Your instructions -
If a record holds a picture, drop the picture and copy everything else exactly.

Dataset entries -
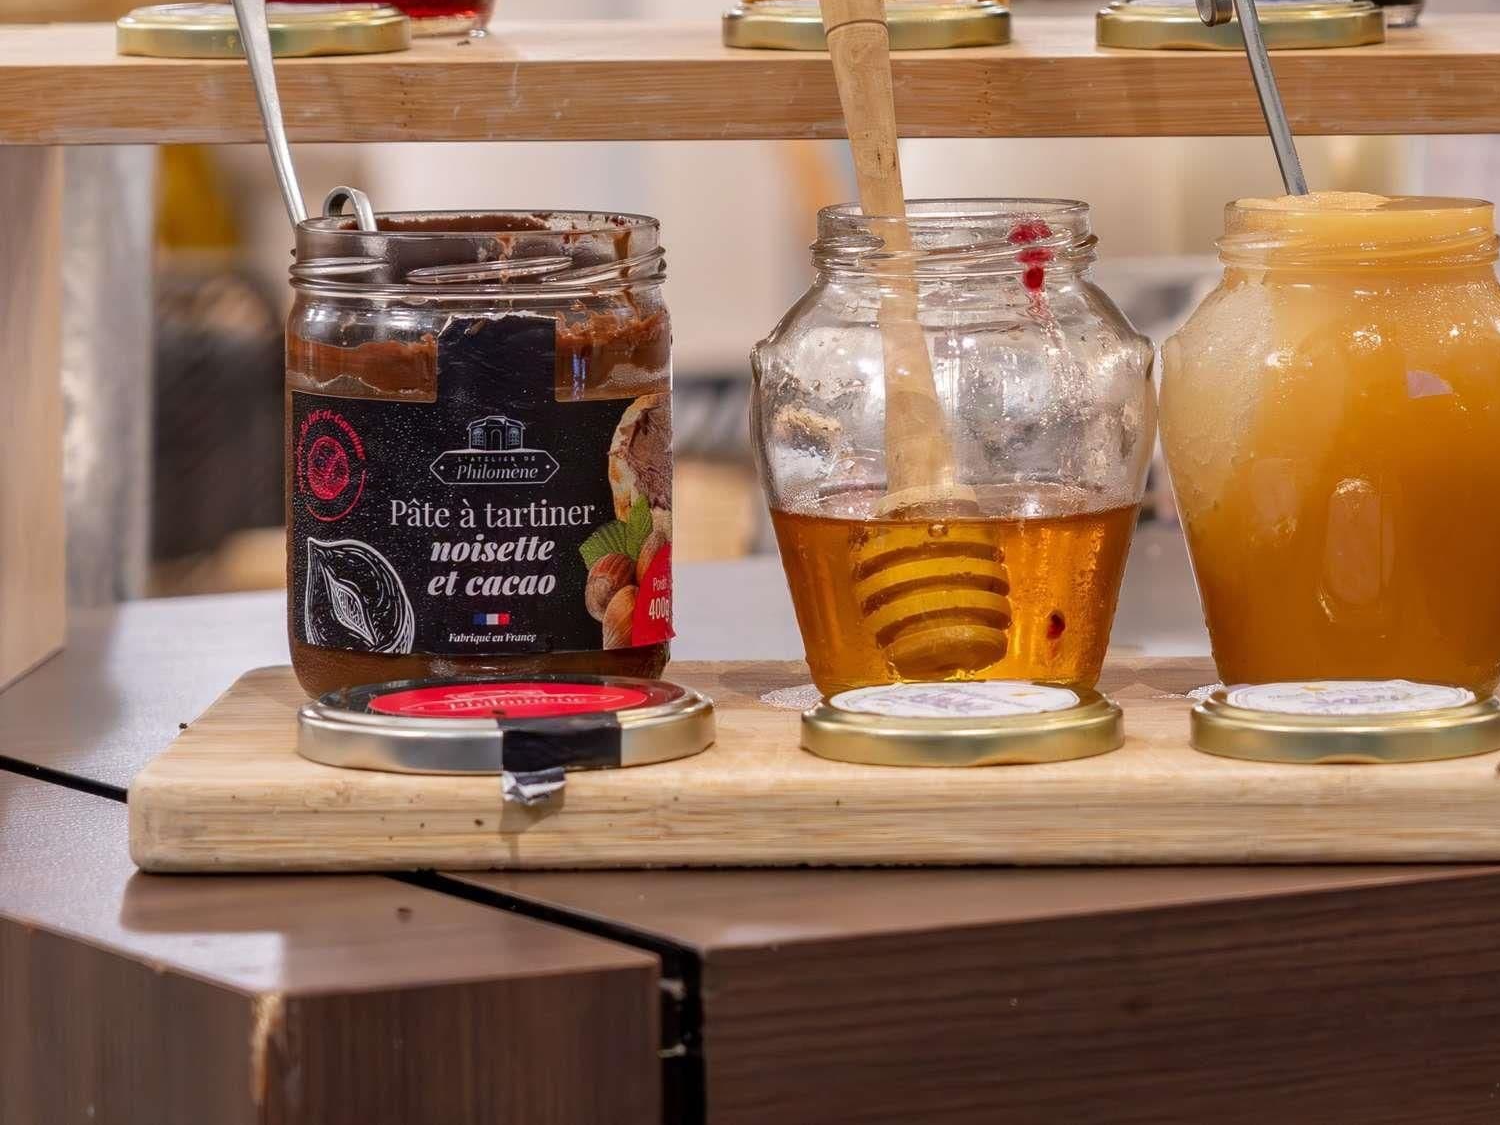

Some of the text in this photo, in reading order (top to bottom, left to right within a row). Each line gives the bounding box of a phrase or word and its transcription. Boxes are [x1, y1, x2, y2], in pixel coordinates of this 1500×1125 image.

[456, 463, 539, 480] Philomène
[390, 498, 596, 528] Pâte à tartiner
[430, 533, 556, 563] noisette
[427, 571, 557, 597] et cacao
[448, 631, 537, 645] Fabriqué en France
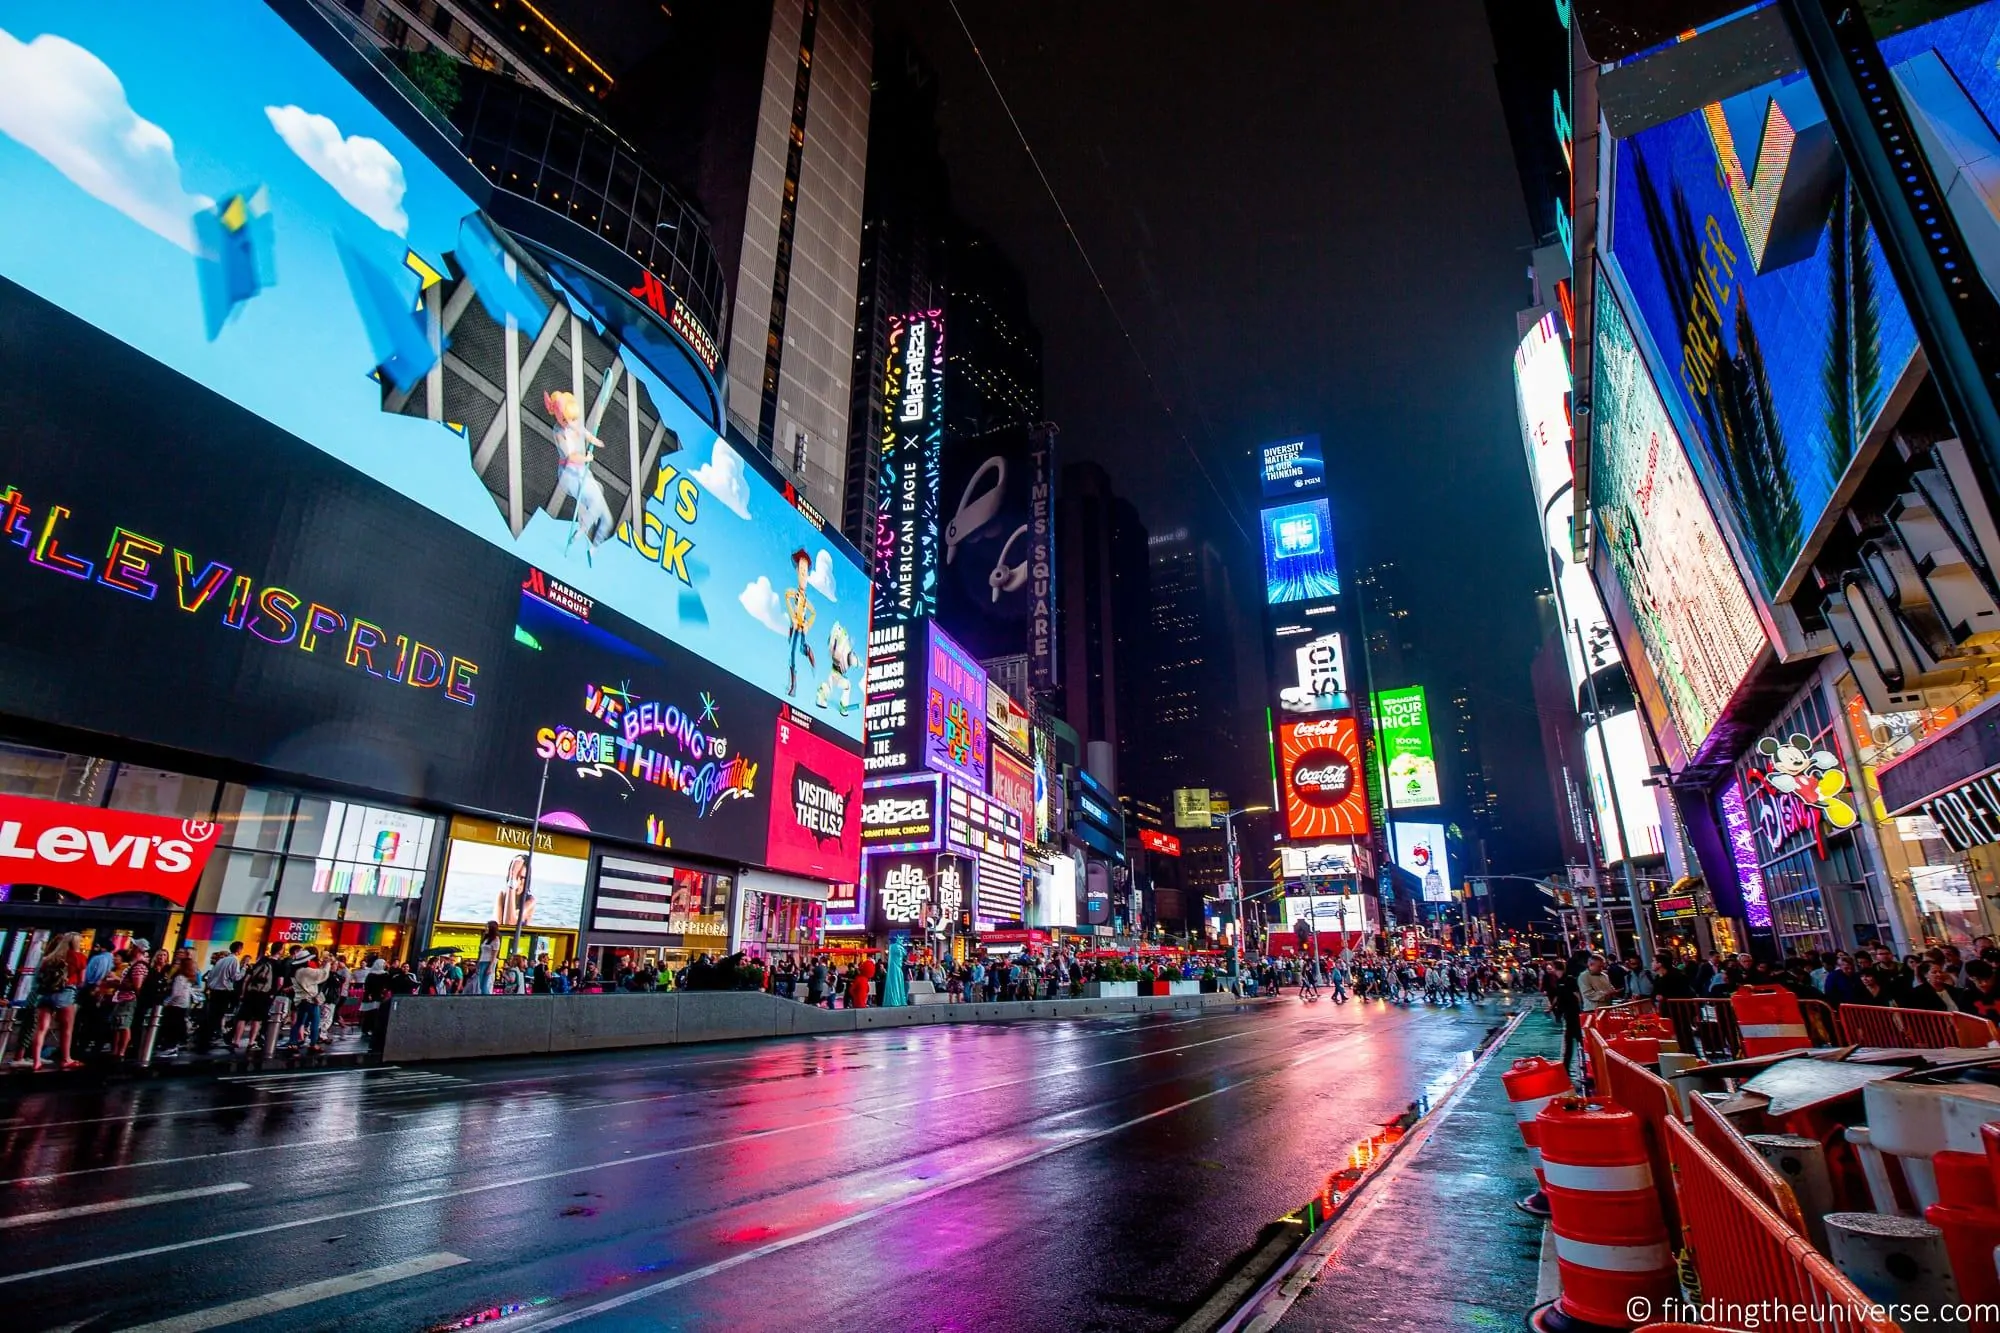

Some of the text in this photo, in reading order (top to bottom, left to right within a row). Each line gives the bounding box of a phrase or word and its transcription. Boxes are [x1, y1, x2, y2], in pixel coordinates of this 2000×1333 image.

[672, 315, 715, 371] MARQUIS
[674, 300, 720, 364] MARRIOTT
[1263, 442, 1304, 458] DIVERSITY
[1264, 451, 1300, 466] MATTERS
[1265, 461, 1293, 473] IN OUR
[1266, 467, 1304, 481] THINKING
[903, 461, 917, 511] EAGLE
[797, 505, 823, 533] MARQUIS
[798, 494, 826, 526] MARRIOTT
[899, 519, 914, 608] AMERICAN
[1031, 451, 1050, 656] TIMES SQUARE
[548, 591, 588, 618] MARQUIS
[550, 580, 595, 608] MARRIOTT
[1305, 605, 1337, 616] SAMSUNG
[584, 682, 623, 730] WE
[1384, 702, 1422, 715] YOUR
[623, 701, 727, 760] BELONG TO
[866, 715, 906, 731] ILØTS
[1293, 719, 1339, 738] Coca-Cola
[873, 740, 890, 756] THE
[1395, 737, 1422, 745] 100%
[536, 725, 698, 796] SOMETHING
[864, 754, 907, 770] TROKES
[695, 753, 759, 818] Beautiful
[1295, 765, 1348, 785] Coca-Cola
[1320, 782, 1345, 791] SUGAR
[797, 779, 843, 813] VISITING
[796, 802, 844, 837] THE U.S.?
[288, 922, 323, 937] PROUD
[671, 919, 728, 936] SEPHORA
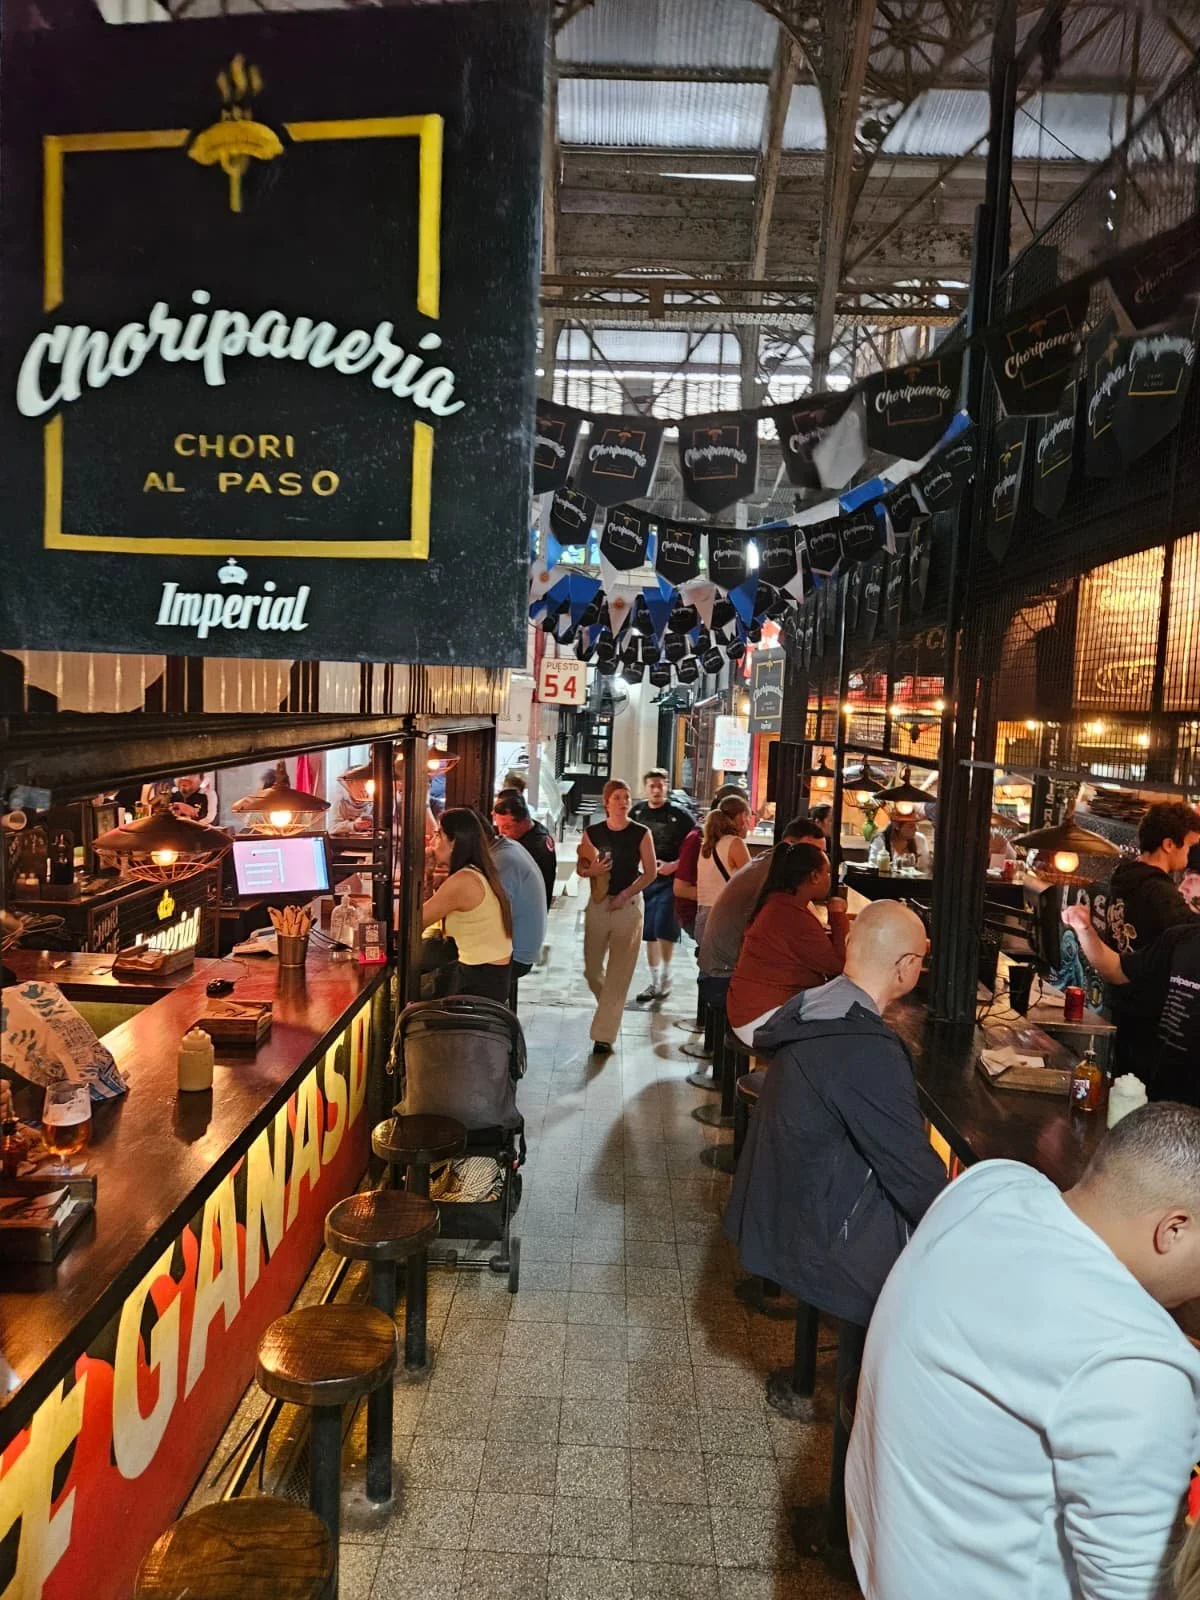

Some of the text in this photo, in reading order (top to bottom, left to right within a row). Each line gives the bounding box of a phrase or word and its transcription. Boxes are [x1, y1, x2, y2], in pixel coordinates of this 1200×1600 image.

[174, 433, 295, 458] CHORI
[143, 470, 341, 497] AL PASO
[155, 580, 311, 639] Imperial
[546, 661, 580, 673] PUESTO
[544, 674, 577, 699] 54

Finished exercise -
Some of the text in this photo, in reading order (top to bottom, left to right within a row). Each line gives the bounding box of a phrase or word and its transcription. Boxes are [x1, y1, x2, y2], in pixel coordinates of this 1500×1125 image.

[456, 463, 539, 480] Philomène
[390, 498, 596, 528] Pâte à tartiner
[430, 533, 556, 563] noisette
[427, 571, 557, 597] et cacao
[448, 631, 537, 645] Fabriqué en France

Some of the text in this photo, in reading order (top to bottom, left to right within a row). Each line gives the bounding box of a phrase or word and its transcription. Boxes are [x1, y1, x2, y2], in pixel coordinates of this 2000×1333 image.

[672, 315, 715, 371] MARQUIS
[674, 300, 720, 364] MARRIOTT
[1263, 442, 1304, 458] DIVERSITY
[1264, 451, 1300, 466] MATTERS
[1265, 461, 1293, 473] IN OUR
[1266, 467, 1304, 481] THINKING
[903, 461, 917, 511] EAGLE
[797, 505, 823, 533] MARQUIS
[798, 494, 826, 526] MARRIOTT
[899, 519, 914, 608] AMERICAN
[1031, 451, 1050, 656] TIMES SQUARE
[548, 591, 588, 618] MARQUIS
[550, 580, 595, 608] MARRIOTT
[1305, 605, 1337, 616] SAMSUNG
[584, 682, 623, 730] WE
[1384, 702, 1422, 715] YOUR
[623, 701, 727, 760] BELONG TO
[866, 715, 906, 731] ILØTS
[1293, 719, 1339, 738] Coca-Cola
[873, 740, 890, 756] THE
[1395, 737, 1422, 745] 100%
[536, 725, 698, 796] SOMETHING
[864, 754, 907, 770] TROKES
[695, 753, 759, 818] Beautiful
[1295, 765, 1348, 785] Coca-Cola
[1320, 782, 1345, 791] SUGAR
[797, 779, 843, 813] VISITING
[796, 802, 844, 837] THE U.S.?
[288, 922, 323, 937] PROUD
[671, 919, 728, 936] SEPHORA

Some of the text in this photo, in reading order (top to bottom, left to right within a row). Each line gives the bounding box of a phrase or word and its transcription. Boxes are [x1, y1, x2, y2], in pixel coordinates of this 1200×1600 image.

[174, 433, 295, 458] CHORI
[143, 470, 341, 497] AL PASO
[155, 580, 311, 639] Imperial
[546, 661, 580, 673] PUESTO
[544, 674, 577, 699] 54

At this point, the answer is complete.